*WHAT IS BEING ASKED*.
With no additions or omissions, print the listing that follows.

__________

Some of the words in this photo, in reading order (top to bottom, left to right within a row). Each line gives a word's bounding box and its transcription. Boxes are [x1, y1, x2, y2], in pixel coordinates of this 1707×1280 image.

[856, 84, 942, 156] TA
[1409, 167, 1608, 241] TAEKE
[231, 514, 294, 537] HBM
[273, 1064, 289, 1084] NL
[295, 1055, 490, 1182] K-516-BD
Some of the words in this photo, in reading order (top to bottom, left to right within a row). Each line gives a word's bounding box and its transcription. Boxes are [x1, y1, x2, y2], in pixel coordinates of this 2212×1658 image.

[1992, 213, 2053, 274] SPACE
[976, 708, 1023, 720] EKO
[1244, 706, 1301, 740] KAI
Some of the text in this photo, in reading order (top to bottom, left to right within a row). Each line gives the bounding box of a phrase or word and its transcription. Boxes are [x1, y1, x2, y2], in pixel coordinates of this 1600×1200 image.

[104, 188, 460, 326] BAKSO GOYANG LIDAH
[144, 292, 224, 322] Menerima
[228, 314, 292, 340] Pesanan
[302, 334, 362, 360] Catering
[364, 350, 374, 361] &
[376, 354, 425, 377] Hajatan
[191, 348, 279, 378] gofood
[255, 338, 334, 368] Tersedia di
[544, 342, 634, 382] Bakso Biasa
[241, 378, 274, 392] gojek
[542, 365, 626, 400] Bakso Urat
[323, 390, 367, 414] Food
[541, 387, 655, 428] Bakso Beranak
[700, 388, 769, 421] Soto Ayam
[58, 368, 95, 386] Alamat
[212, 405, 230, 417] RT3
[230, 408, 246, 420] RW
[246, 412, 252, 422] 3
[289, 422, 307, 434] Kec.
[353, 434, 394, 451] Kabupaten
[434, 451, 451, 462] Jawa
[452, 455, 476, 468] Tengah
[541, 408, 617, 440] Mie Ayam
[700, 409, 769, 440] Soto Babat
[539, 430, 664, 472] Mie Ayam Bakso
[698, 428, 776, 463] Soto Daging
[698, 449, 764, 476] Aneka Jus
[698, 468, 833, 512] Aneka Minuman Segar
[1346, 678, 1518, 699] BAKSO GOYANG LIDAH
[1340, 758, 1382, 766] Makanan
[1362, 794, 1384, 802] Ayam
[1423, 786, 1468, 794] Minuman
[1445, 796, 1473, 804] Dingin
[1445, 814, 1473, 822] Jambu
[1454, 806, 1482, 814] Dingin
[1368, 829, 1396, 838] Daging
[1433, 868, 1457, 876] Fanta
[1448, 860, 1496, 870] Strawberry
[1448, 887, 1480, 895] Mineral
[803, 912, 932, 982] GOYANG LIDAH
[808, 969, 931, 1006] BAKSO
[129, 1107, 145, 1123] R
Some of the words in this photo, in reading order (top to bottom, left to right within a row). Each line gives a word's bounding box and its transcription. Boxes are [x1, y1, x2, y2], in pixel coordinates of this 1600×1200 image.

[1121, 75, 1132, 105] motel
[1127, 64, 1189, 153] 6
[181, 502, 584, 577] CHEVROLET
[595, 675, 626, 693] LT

__________

*OUTPUT OF THE TASK*.
Some of the words in this photo, in reading order (top to bottom, left to right within a row). Each line gives a word's bounding box and its transcription. Boxes are [x1, y1, x2, y2], in pixel coordinates of this 1707×1280 image.

[856, 84, 942, 156] TA
[1409, 167, 1608, 241] TAEKE
[231, 514, 294, 537] HBM
[273, 1064, 289, 1084] NL
[295, 1055, 490, 1182] K-516-BD
Some of the words in this photo, in reading order (top to bottom, left to right within a row). Each line gives a word's bounding box and its transcription. Boxes are [x1, y1, x2, y2], in pixel coordinates of this 2212×1658 image.

[1992, 213, 2053, 274] SPACE
[976, 708, 1023, 720] EKO
[1244, 706, 1301, 740] KAI
Some of the text in this photo, in reading order (top to bottom, left to right within a row). Each line gives the bounding box of a phrase or word and its transcription. Boxes are [x1, y1, x2, y2], in pixel coordinates of this 1600×1200 image.

[104, 188, 460, 326] BAKSO GOYANG LIDAH
[144, 292, 224, 322] Menerima
[228, 314, 292, 340] Pesanan
[302, 334, 362, 360] Catering
[364, 350, 374, 361] &
[376, 354, 425, 377] Hajatan
[191, 348, 279, 378] gofood
[255, 338, 334, 368] Tersedia di
[544, 342, 634, 382] Bakso Biasa
[241, 378, 274, 392] gojek
[542, 365, 626, 400] Bakso Urat
[323, 390, 367, 414] Food
[541, 387, 655, 428] Bakso Beranak
[700, 388, 769, 421] Soto Ayam
[58, 368, 95, 386] Alamat
[212, 405, 230, 417] RT3
[230, 408, 246, 420] RW
[246, 412, 252, 422] 3
[289, 422, 307, 434] Kec.
[353, 434, 394, 451] Kabupaten
[434, 451, 451, 462] Jawa
[452, 455, 476, 468] Tengah
[541, 408, 617, 440] Mie Ayam
[700, 409, 769, 440] Soto Babat
[539, 430, 664, 472] Mie Ayam Bakso
[698, 428, 776, 463] Soto Daging
[698, 449, 764, 476] Aneka Jus
[698, 468, 833, 512] Aneka Minuman Segar
[1346, 678, 1518, 699] BAKSO GOYANG LIDAH
[1340, 758, 1382, 766] Makanan
[1362, 794, 1384, 802] Ayam
[1423, 786, 1468, 794] Minuman
[1445, 796, 1473, 804] Dingin
[1445, 814, 1473, 822] Jambu
[1454, 806, 1482, 814] Dingin
[1368, 829, 1396, 838] Daging
[1433, 868, 1457, 876] Fanta
[1448, 860, 1496, 870] Strawberry
[1448, 887, 1480, 895] Mineral
[803, 912, 932, 982] GOYANG LIDAH
[808, 969, 931, 1006] BAKSO
[129, 1107, 145, 1123] R
Some of the words in this photo, in reading order (top to bottom, left to right within a row). Each line gives a word's bounding box and its transcription. Boxes are [x1, y1, x2, y2], in pixel coordinates of this 1600×1200 image.

[1121, 75, 1132, 105] motel
[1127, 64, 1189, 153] 6
[181, 502, 584, 577] CHEVROLET
[595, 675, 626, 693] LT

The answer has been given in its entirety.